Banyak pilihan transportasi yang bisa digunakan untuk menuju ke Bromo. Selain kendaraan pribadi bagi traveler yang doyan backpakeran bisa memilih angkutan umum sebagai salah satu pilihannya. Memulai perjalanan dari Kota Pekalongan untuk menuju ke Bromo alternatif pilihan bisa menggunakan transportasi darat berupa kereta api mulai dari stasiun Kota Pekalongan dengan tujuan akhir Kota Malang.

Sebenarnya selain dari Malang menuju ke Bromo bisa dilakukan dari Kota Surabaya atau pun Pasuruan. Namun Malang merupakan kota terdekat dan jalur transportasi umum untuk menuju ke bromo lebih umun digunakan traveler. Kereta api sendiri dipilih karena merupakan salah satu tansportasi yang cukup efisien dengan pilihan harga yang lebih variatif. Di mulai dari Kota Pekalongan pilihan perjalanan jika ingin lebih efisien dalam biaya perjalanan bisa memilih kereta Matarmaja kelas Ekonomi dengan biaya Rp109.000 per orang total perjalanan memakan waktu lebih kurangnya 11 jam dari pukul 20.36 sampai 07.51.

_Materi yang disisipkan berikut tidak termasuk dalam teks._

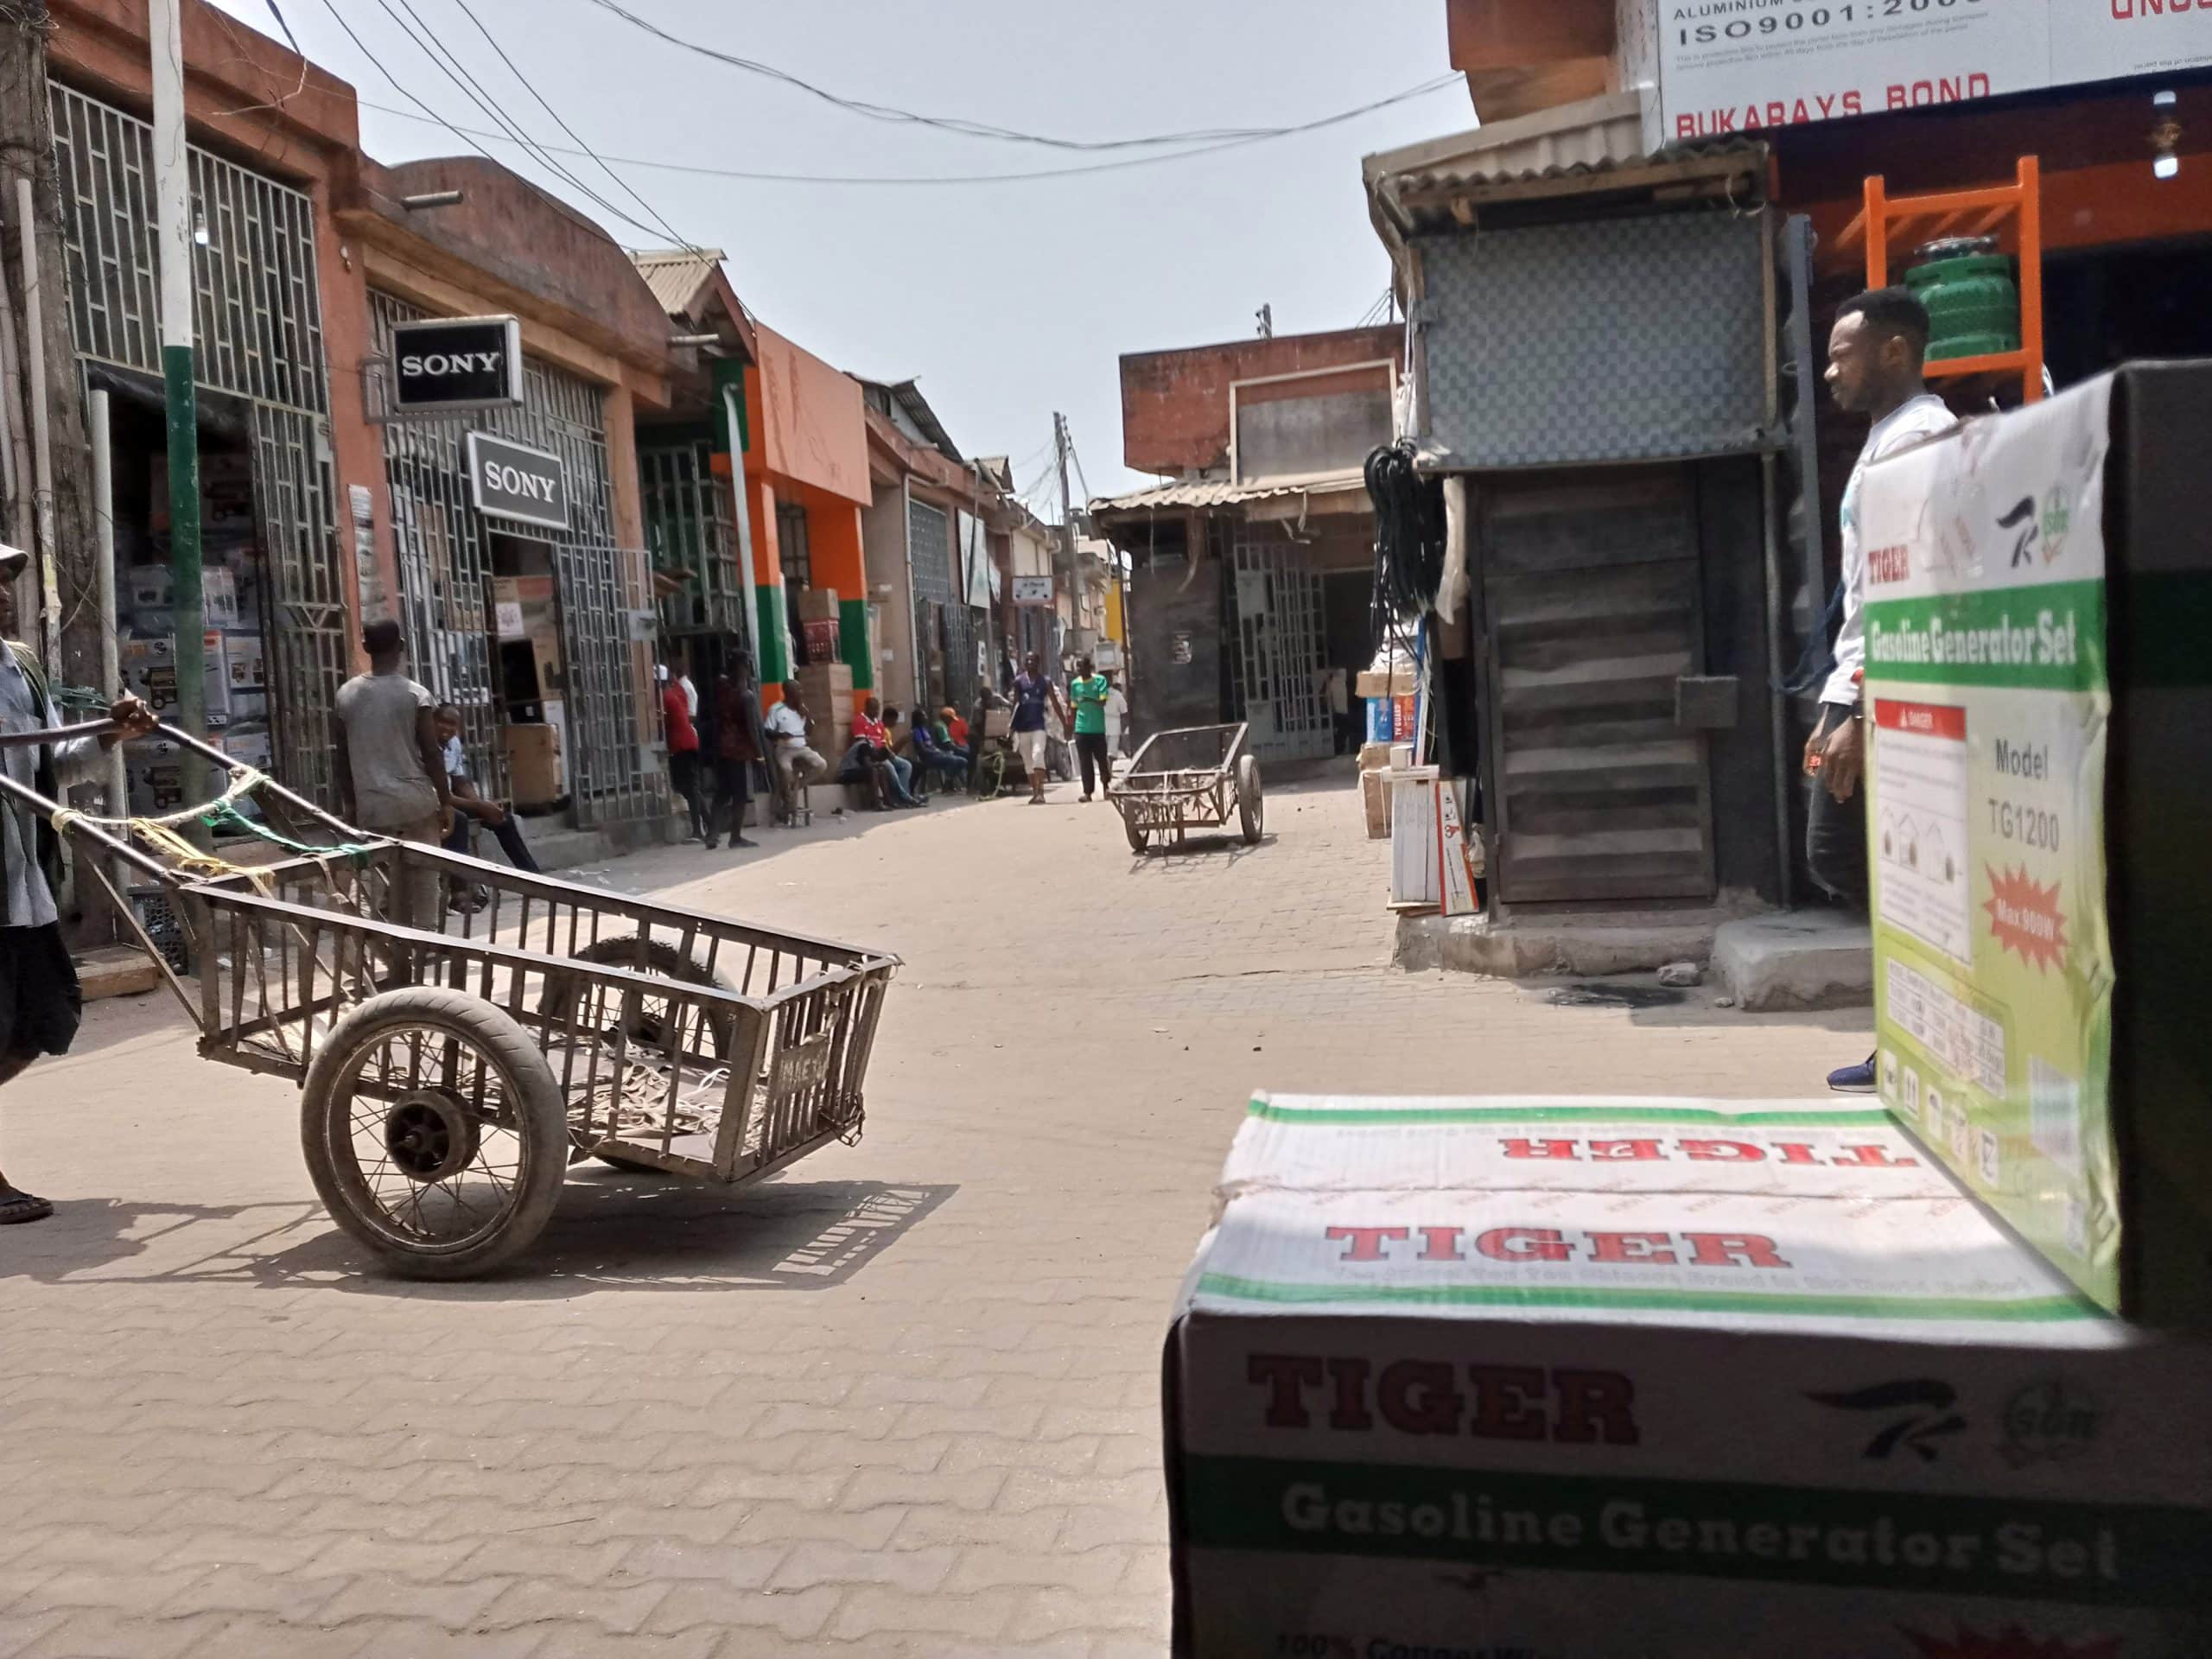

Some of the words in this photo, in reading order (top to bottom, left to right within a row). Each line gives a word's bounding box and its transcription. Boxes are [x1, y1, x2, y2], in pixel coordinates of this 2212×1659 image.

[402, 352, 499, 377] SONY
[484, 460, 556, 503] SONY
[1868, 544, 1910, 586] TIGER
[1871, 620, 1929, 663] Gasoline
[1929, 613, 2037, 664] Generator
[2037, 609, 2077, 665] Set
[1995, 738, 2049, 781] Model
[1988, 798, 2060, 853] TG1200
[1997, 898, 2019, 927] Max
[1498, 1138, 1921, 1166] TIGER
[1325, 1226, 1795, 1268] TIGER
[1247, 1354, 1640, 1446] TIGER
[1281, 1483, 1582, 1551] Gasoline
[1599, 1502, 1981, 1566] Generator
[1994, 1519, 2120, 1582] Set
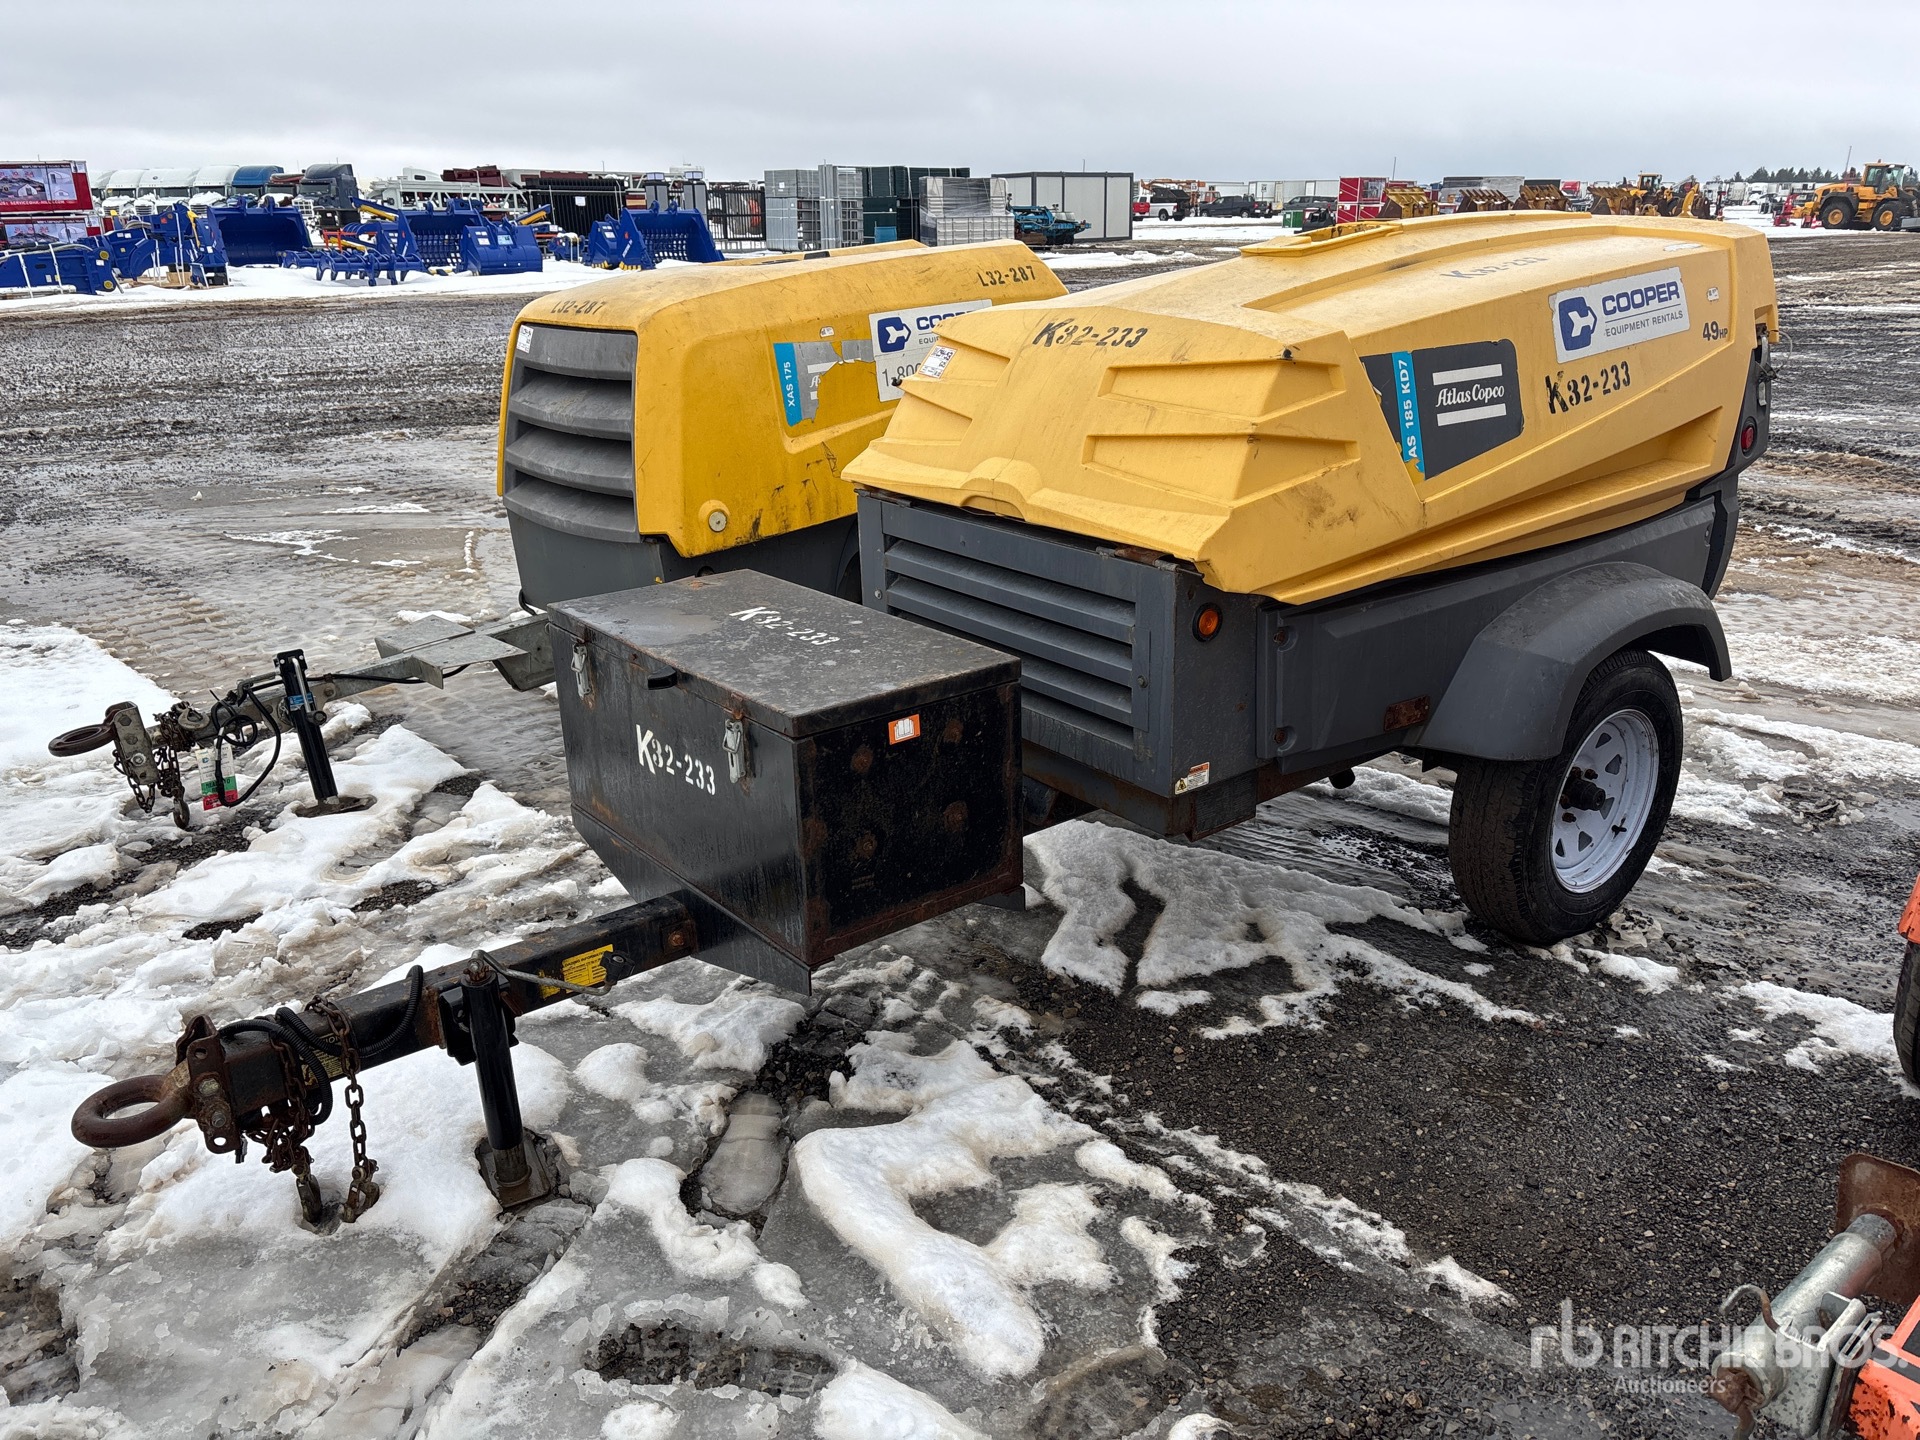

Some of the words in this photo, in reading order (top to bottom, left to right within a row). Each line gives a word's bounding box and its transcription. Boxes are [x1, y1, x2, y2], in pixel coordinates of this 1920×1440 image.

[976, 265, 1036, 287] L32-287
[550, 300, 605, 315] L32-287
[1601, 280, 1681, 316] COOPER
[1032, 317, 1149, 348] K32-233
[1605, 318, 1650, 337] EQUIPMENT
[1652, 310, 1684, 325] RENTALS
[783, 361, 792, 380] 175
[1398, 360, 1411, 394] KD7
[786, 383, 796, 407] XAS
[1545, 360, 1631, 414] K32-233
[1403, 399, 1414, 429] 185
[729, 606, 841, 646] K32-233
[635, 723, 716, 796] K32-233
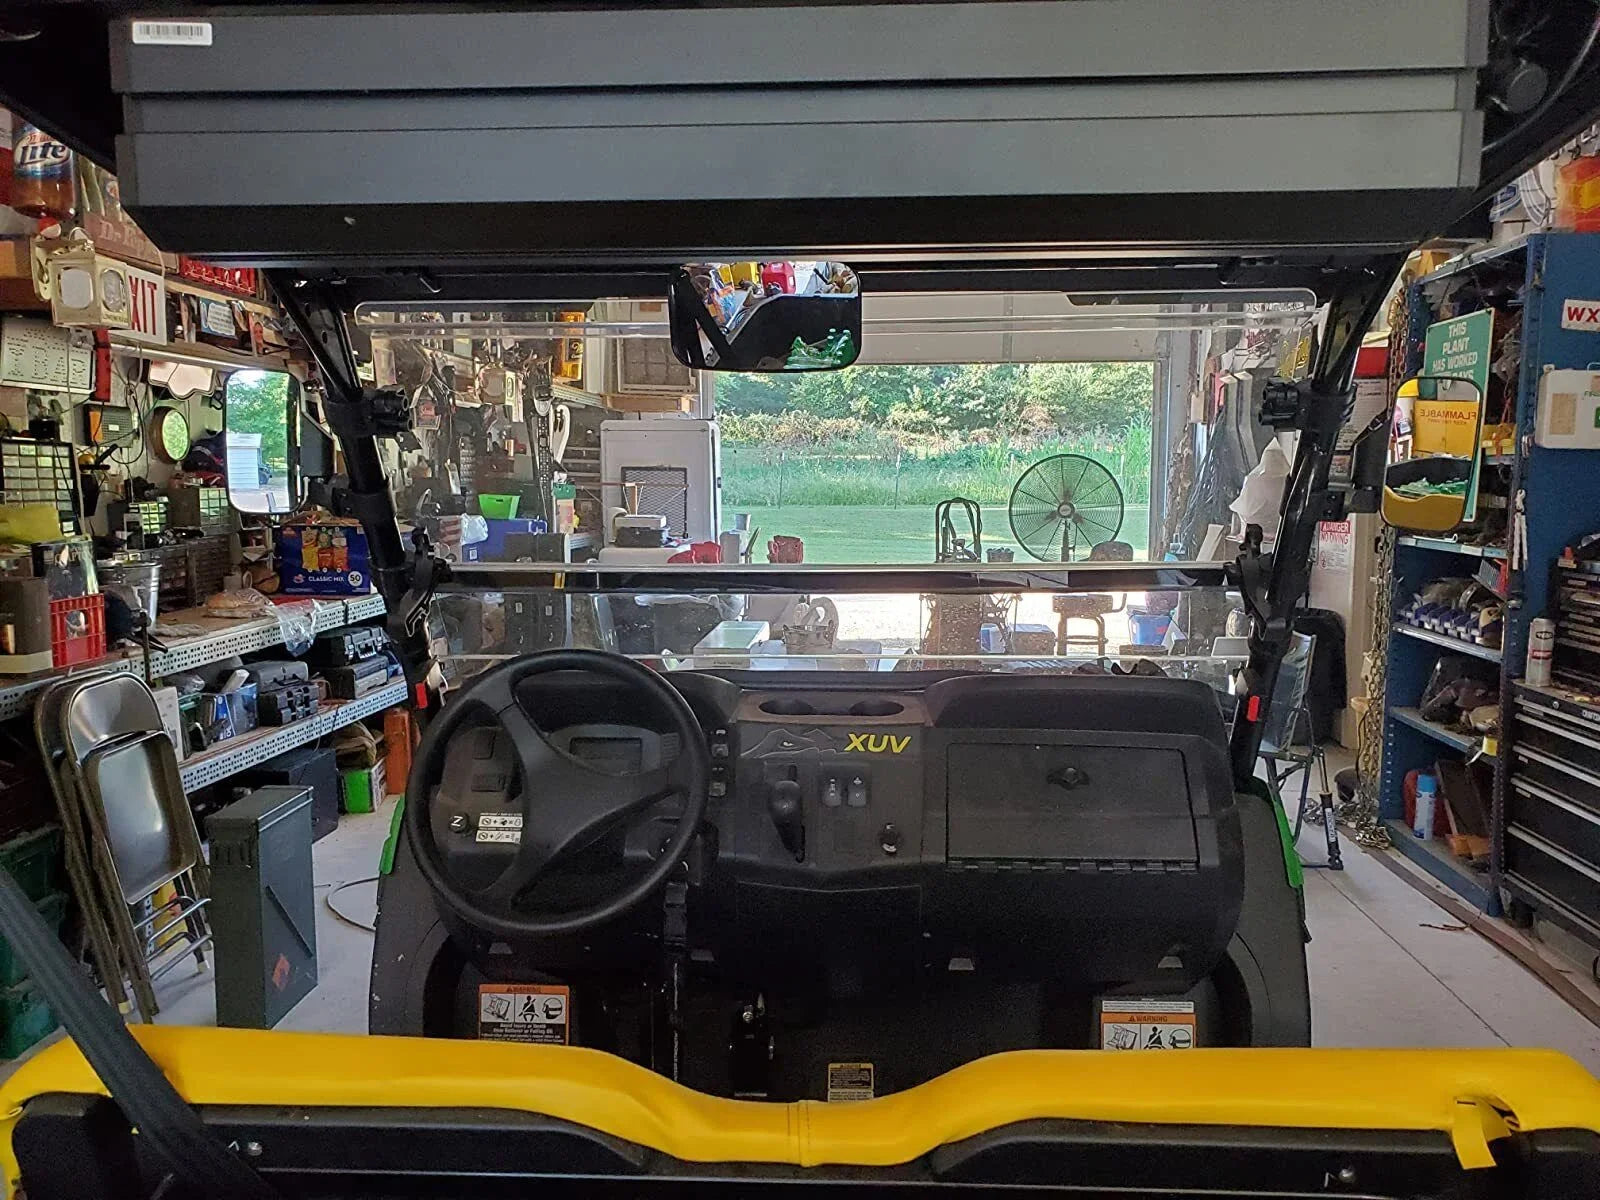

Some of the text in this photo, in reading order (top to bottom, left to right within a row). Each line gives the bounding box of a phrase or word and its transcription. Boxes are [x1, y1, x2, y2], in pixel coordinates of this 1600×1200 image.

[19, 142, 66, 169] Lite
[129, 275, 157, 336] XIT
[1448, 321, 1467, 339] THIS
[1442, 337, 1470, 355] PLANT
[1432, 352, 1478, 373] HAS WORKED
[1453, 370, 1474, 380] DAYS
[1326, 522, 1349, 533] DANGER
[1321, 532, 1349, 544] NO DIVING
[350, 574, 361, 582] 50
[844, 733, 912, 754] XUV
[1136, 1015, 1168, 1023] WARNING

Sangat disarankan untuk melakukan pemesanan jauh hari untuk menghindarkan dari kehabisan tiket. Namun pilihan lain bisa menjadi alternatif perjalanan seperti kereta Jayabaya Rp220.000 dan Rp260.000 per orang mulai pukul 18.12 sampai 02.42 memakan waktu tempuh lebih kurang 8 jam 30 menit dan kereta Majapahit dengan harga yang sama yakni Rp220.000 dan Rp260.000 per orang mulai pukul 23.15 sampai 10.105 memakan waktu tempuh lebih kurang 10 jam 50 menit.

Setiba di Stasiun Kota Malang, perjalanan bisa dilanjutkan menuju terminal Arjosari. Banyak pilihan kendaraan untuk menuju ke sana. Agar lebih hemat cari angkutan umum berwarna biru seri AL. Alternatif lain bisa mencari angkutan umum seri ADL/GH/HA/AMG diusahakan terdapat huruf, huruf A kode tujuan perjalanannya. Huruf A menandakan bahwa angkutan itu akan ke Arjosari. Tarif angkutan ini Rp5.000 per orang dengan waktu perjalanan lebih kurangnya setengah jam. Sekadar tips, jika keluar stasiun diupayakan jangan menampakkan wajah bingung, seakan pernah dan tahu akan Kota yang terkenal akan apelnya tersebut. Jalan santai kalau perlu tegak dan gagah. Jika sebaliknya bukan tidak mungkin biaya perjalanan akan lebih mahal dengan menjadi santapan supir taksi tanpa agro atau calo lainnya. Bagi yang kelaparan selama perjalanan tidak perlu risau. Tidak jauh dari stasiun terdapat kedai-kedai makan seperti bakso malang, rawon, nasi yang bisa menjadi pilihan untuk mengganjal perut.

Setelah sampai di terminal Arjoni, Malang rute perjalana tinggal menuju ke Probolinggo dan Cemoro Lawang sebagai tujuan akhirnya. Menuju terminal Bayuangga, Probolinggo dapat di tempuh dengan menggunakan bus AKAS dan LADJU jurusan Probolinggo/ Jember/ Banyuwangi dengan pilihan kelas ekonomi atau patas. Untuk biaya perjalanan bus ekonomi Rp20.000 sedangkan patas AC Rp30.000. Tergantung selera ingin memilih kelas yang mana. Jika lancar, perjalanan menuju Terminal Bayuangga, Probolinggo hanya membutuhkan waktu tempuh 2-3 jam.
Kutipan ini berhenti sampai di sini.